Would you reproduce, word for word, only the lines from the one with "this 1344×1512 image." to the end of the listing below?
== == ==
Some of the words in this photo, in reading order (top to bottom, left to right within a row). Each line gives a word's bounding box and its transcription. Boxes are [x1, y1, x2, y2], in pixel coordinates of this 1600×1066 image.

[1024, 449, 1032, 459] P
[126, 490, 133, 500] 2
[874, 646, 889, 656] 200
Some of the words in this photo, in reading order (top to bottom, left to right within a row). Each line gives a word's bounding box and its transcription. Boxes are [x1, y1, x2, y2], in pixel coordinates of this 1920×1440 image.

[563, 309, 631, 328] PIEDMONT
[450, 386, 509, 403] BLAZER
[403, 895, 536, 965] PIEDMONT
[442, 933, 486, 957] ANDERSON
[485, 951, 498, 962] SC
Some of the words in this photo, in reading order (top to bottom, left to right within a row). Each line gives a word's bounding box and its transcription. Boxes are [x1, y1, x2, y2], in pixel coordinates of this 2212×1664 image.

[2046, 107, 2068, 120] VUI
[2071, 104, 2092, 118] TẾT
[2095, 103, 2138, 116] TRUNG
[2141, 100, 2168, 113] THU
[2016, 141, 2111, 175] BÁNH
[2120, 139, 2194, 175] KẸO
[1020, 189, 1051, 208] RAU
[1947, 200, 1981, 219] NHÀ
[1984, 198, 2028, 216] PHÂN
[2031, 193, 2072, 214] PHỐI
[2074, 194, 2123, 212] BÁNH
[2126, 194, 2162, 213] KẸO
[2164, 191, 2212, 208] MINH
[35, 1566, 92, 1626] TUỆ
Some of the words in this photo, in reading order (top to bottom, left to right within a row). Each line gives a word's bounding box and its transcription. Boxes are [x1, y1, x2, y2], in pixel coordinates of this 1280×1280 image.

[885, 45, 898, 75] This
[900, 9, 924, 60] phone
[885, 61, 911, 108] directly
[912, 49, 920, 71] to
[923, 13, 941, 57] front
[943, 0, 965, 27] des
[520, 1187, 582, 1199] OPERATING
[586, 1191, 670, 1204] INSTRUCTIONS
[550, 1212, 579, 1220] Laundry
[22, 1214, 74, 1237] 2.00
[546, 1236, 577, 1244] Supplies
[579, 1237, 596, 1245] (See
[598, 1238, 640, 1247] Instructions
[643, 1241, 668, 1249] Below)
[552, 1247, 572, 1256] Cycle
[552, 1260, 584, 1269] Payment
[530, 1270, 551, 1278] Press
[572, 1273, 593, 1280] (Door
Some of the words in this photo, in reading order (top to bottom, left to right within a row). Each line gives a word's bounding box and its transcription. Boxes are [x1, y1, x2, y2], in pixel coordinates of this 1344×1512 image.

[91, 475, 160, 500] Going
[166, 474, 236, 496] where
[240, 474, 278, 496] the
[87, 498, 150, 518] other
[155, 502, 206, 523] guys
== == ==
Exercise output:
Some of the words in this photo, in reading order (top to bottom, left to right within a row). Each line gives a word's bounding box and its transcription. Boxes are [x1, y1, x2, y2], in pixel coordinates of this 1344×1512 image.

[91, 475, 160, 500] Going
[166, 474, 236, 496] where
[240, 474, 278, 496] the
[87, 498, 150, 518] other
[155, 502, 206, 523] guys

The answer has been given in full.